Static Topic Bridges

Economic Advisory Council to the Prime Minister (EAC-PM)

The EAC-PM is an independent body constituted to provide advice on economic and related issues to the Government of India, specifically to the Prime Minister. It produces working papers, policy notes, and thematic reports under the EAC-PM Working Paper Series, but its recommendations are advisory and non-binding.

  • Composition: a Chairman, 3 Full-Time Members, and 11 Part-Time Members; current notable members include Sanjay Kumar Mishra, Sanjeev Sanyal, and Shamika Ravi.
  • EAC-PM is distinct from the NITI Aayog: NITI Aayog is a policy think-tank and planning body with a broader mandate, while EAC-PM specifically advises the Prime Minister.
  • The EAC-PM has produced influential working papers on topics including data governance, income distribution, and education — its papers often precede policy announcements.
  • The current paper is EAC-PM Working Paper 44/2026 (published March 2026).

Connection to this news: By publishing through EAC-PM, Shamika Ravi's recommendations carry significant policy weight and signal the government's direction on urban governance reform — outcome-linked disbursement and hidden urbanisation recognition are framed as national priorities.


India's Urban Policy Architecture: AMRUT and Smart Cities Mission

India's flagship urban schemes have historically operated on the basis of sanctioned projects and fund releases tied to administrative milestones, rather than on-ground service delivery outcomes. The EAC-PM paper critiques this approach.

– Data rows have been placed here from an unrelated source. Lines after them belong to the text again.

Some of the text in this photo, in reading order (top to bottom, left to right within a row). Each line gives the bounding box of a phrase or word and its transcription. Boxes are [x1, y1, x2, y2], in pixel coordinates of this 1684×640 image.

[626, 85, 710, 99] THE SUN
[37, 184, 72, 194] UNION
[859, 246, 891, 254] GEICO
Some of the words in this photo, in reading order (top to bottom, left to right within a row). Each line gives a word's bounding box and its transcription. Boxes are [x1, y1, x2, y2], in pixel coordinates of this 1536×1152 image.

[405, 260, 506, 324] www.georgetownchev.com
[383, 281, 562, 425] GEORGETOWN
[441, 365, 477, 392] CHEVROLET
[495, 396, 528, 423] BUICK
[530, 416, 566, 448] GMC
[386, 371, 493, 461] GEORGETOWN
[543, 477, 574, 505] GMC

  • AMRUT (Atal Mission for Rejuvenation and Urban Transformation): Launched in 2015, AMRUT 2.0 runs from 2021-22 to 2025-26 with a total outlay of ₹2,77,000 crore (central share: ₹76,760 crore) covering 4,900 statutory towns. Focused on water supply, sewerage, and green spaces.
  • Smart Cities Mission: Concluded by 2024, covered 100 cities with technology-integrated urban management. No direct successor mission was announced.
  • Budget 2026-27 shift: The government moved away from both these centralised missions and announced City Economic Regions (CERs) — each receiving ₹5,000 crore over five years under a reform-cum-results-based financing model. This aligns closely with EAC-PM's outcome-linked approach.
  • Hidden urbanisation problem: Official urban classification relies on Census data (last full Census: 2011), causing a growing divergence between places that function as urban areas and those officially classified as urban.

Connection to this news: The EAC-PM paper provides intellectual backing for the Budget 2026-27 shift toward outcome-linked, city-specific financing — and its call for trigger-based reclassification could shape how the next Census (due in 2025-26) defines urban India.

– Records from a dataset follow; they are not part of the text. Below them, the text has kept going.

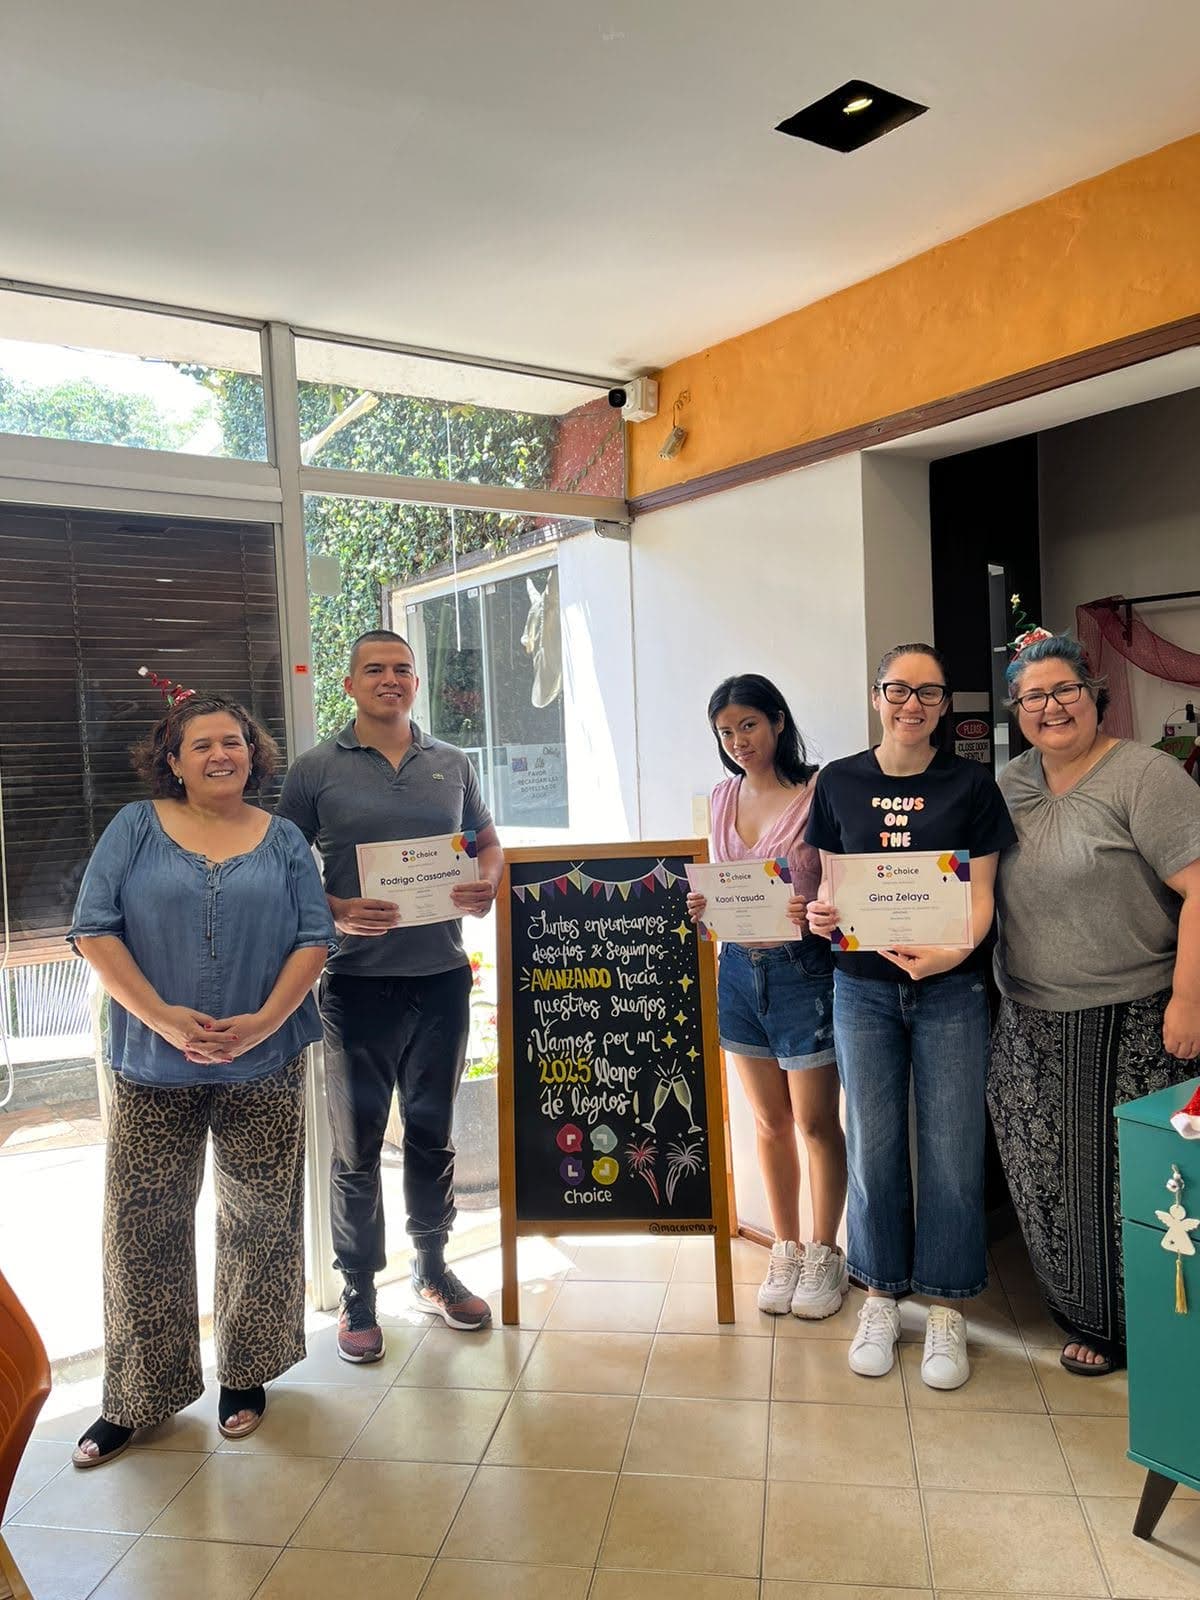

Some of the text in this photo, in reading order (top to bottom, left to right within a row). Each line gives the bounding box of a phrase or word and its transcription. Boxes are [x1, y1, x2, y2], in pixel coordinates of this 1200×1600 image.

[963, 724, 983, 734] PLEASE
[958, 742, 975, 751] CLOSE
[871, 797, 925, 811] FOCUS
[884, 812, 909, 827] ON
[879, 831, 912, 847] THE
[416, 850, 438, 860] choice
[380, 869, 461, 887] Rodrigo Cassanello
[731, 872, 751, 881] choice
[893, 867, 919, 875] choice
[715, 893, 765, 904] Kaori Yasuda
[868, 892, 930, 903] Gina Zelaya
[527, 910, 580, 940] Juntos
[531, 966, 663, 992] AVANZANDO hacia
[533, 991, 666, 1027] nuestros sueños
[527, 1022, 661, 1065] ¡Vamos por un
[539, 1056, 642, 1093] 2025 lleno
[541, 1086, 641, 1125] de logros!
[564, 1187, 612, 1204] choice

Urban Governance and the 74th Constitutional Amendment

Urban local bodies (ULBs) — municipalities and municipal corporations — derive their constitutional status from the 74th Constitutional Amendment Act, 1992, which added the 12th Schedule (18 functions for ULBs) and mandated the formation of State Finance Commissions (SFCs) and Ward Committees. However, devolution of functions, funds, and functionaries from state governments to ULBs has been uneven across states.

  • 12th Schedule: lists 18 subjects that may be devolved to municipalities, including urban planning, regulation of land use, roads, public health, and slum improvement.
  • State Finance Commissions: determine the share of state revenues to be shared with ULBs — but many SFC reports are delayed or not implemented.
  • Most Indian cities rely heavily on central and state grants (tied transfers) rather than own revenue — property tax remains under-leveraged as a local revenue source.
  • The outcome-linked disbursement model proposed by EAC-PM would require cities to demonstrate measurable service delivery improvements to access central funds — incentivising local governance reform.

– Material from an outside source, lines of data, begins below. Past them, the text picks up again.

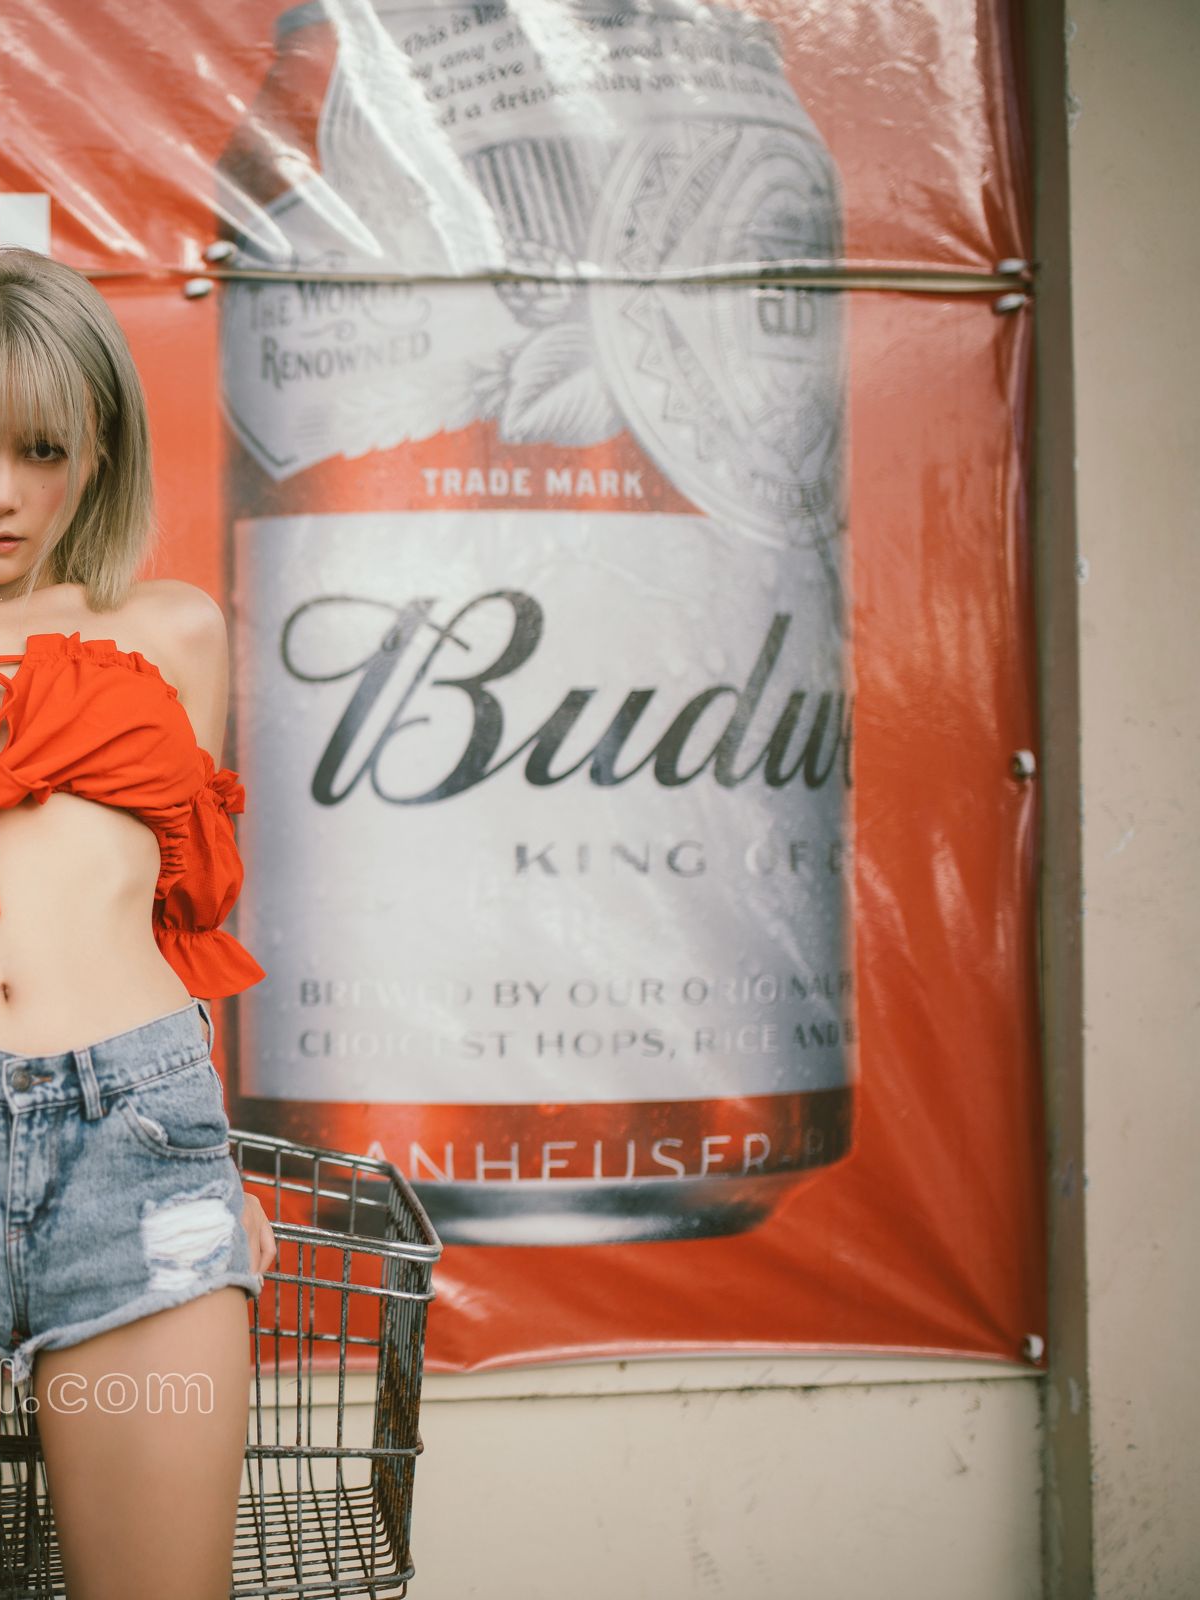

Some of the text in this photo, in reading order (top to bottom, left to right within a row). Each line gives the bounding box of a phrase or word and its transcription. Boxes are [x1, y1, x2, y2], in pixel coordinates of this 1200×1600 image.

[260, 330, 433, 391] RENOWNED
[420, 467, 644, 499] TRADE MARK
[281, 588, 855, 807] Budw
[513, 840, 707, 878] KING
[494, 978, 551, 1009] BY
[568, 977, 665, 1008] OUR
[537, 1027, 677, 1060] HOPS,
[694, 1023, 779, 1056] RICE

Connection to this news: The EAC-PM paper's recommendations are designed to address the structural weaknesses in the 74th Amendment's implementation — untied, performance-linked funds could incentivise states to actually devolve powers to ULBs.


Key Facts & Data

  • India's cities: 60% of GDP, 3% of land area.
  • EAC-PM Working Paper 44/2026 author: Shamika Ravi (Member, EAC-PM).
  • AMRUT 2.0: 4,900 towns, ₹2,77,000 crore total outlay, ₹76,760 crore central share (2021-2026).
  • Smart Cities Mission: 100 cities; no direct successor mission launched.
  • Budget 2026-27: City Economic Regions (CERs) with ₹5,000 crore/city over 5 years under results-based financing.
  • 74th Constitutional Amendment Act, 1992: constitutionalised ULBs; 12th Schedule (18 functions).
  • Official urban classification lag: last full Census was 2011 — significant hidden urbanisation has occurred since.